En 1975, deux détenus d’Arenc portèrent plainte contre X pour séquestration, la loi le leur permettait. La rétention trouve son origine, en France, dans ce contexte de négociations après une guerre de décolonisation violente – qui a laissé des séquelles et explique encore, des décennies plus tard, chez les descendants des belligérants, ex colons et ex colonisés, des dysfonctionnements psychiques, intimes et collectifs, des folies personnelles et des folies politiques.
Des conséquences, dont l’une est cette habitude molle que l’on prend à voir enfermée, maltraitée et noyée une partie de la population, remonter aux causes : puisqu’économiquement ou rationnellement cette façon d’empêcher les déplacements ne se soutient pas, puisqu’humainement elle est catastrophique et puisqu’on ne peut pas imaginer une politique qui ne trouve nulle part de bénéfice, la cause existe, ténue – peut-être vise-t-elle simplement à se tenir soi-même, se soutenir, empêcher le fiasco, le fiasco de soi-même, Europe, qui refuse de répondre à un argument par un argument et pose Traités et diktats devant les volontés et les décisions des peuples.
Comment empêcher le fiasco ? Une des voies tentantes semble être de créer une population de plus en plus indésirable, dont on s’habitue à voir les corps morts et serrés dans des sacs blancs sur les plages, vivants et debout dans des couvertures derrière des grilles, sidérés et assis dans les chambres hyper modernes des centres où tout est prévu contre le suicide, une population clandestine – malade, asociale, comme on disait en 62 -, population contre laquelle on s’y mettra tous, ou presque, contre laquelle on votera, contre laquelle on s’affirmera et se reconstituera.
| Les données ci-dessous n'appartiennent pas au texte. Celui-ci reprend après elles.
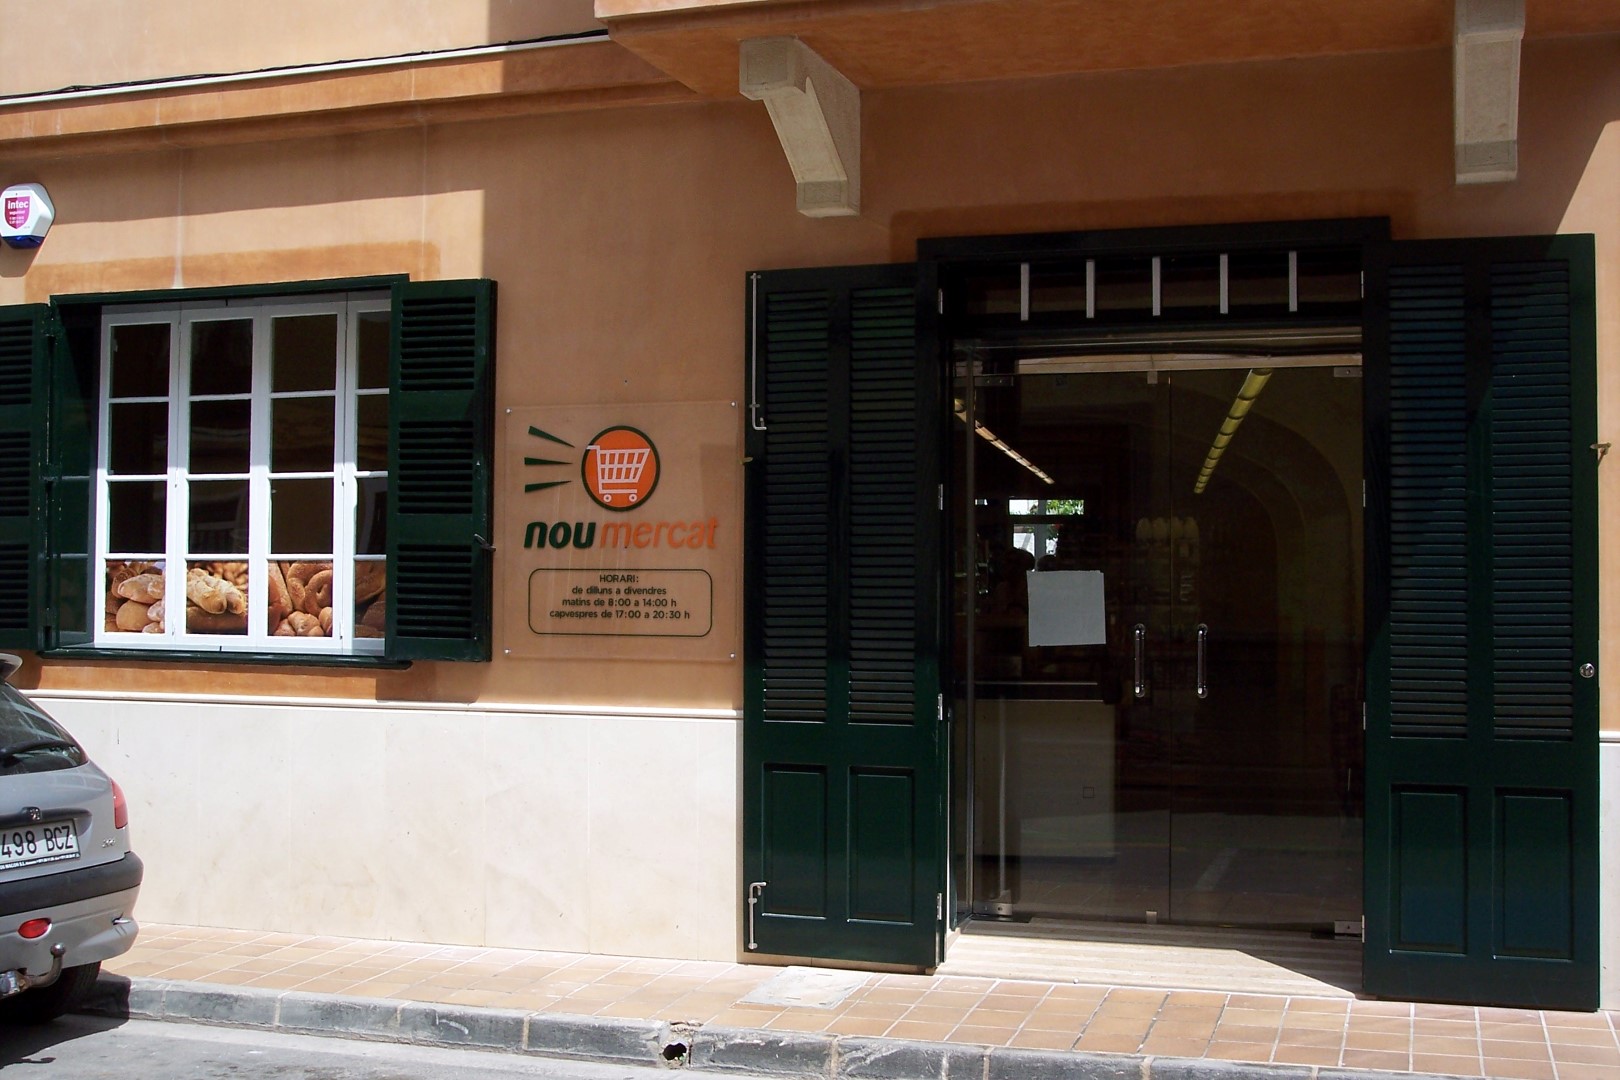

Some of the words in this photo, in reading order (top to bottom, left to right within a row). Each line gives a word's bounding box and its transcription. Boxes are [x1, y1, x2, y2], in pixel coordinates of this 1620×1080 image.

[523, 521, 597, 550] nou
[600, 516, 719, 550] mercat
[599, 574, 639, 583] HORARI:
[571, 586, 583, 595] de
[586, 586, 613, 595] dilluns
[624, 586, 667, 595] divendres
[562, 598, 591, 607] matins
[593, 598, 605, 607] de
[608, 598, 631, 607] 8:00
[643, 598, 668, 607] 14:00
[671, 598, 677, 607] h
[549, 609, 598, 619] capvespres
[601, 609, 613, 619] de
[615, 610, 641, 619] 17:00
[652, 610, 681, 619] 20:30
[684, 610, 690, 619] h
[44, 825, 73, 851] BCZ
Ce n’est pas tant que l’Europe, comme on a pu le lire, ne fait pas face à la xénophobie attisée par les partis d’extrême droite, c’est qu’elle permet, par les choix qu’elle fait et ceux qu’elle refuse de faire, aux partis d’extrême-droite de mettre en route la vieille stratégie du bouc-émissaire, et tout le monde est prêt. 2000 corps noyés en deux mois, contre une minute de silence au Conseil de l’Europe. Où finit la politique de l’absurde commence peut être l’homicide de masse.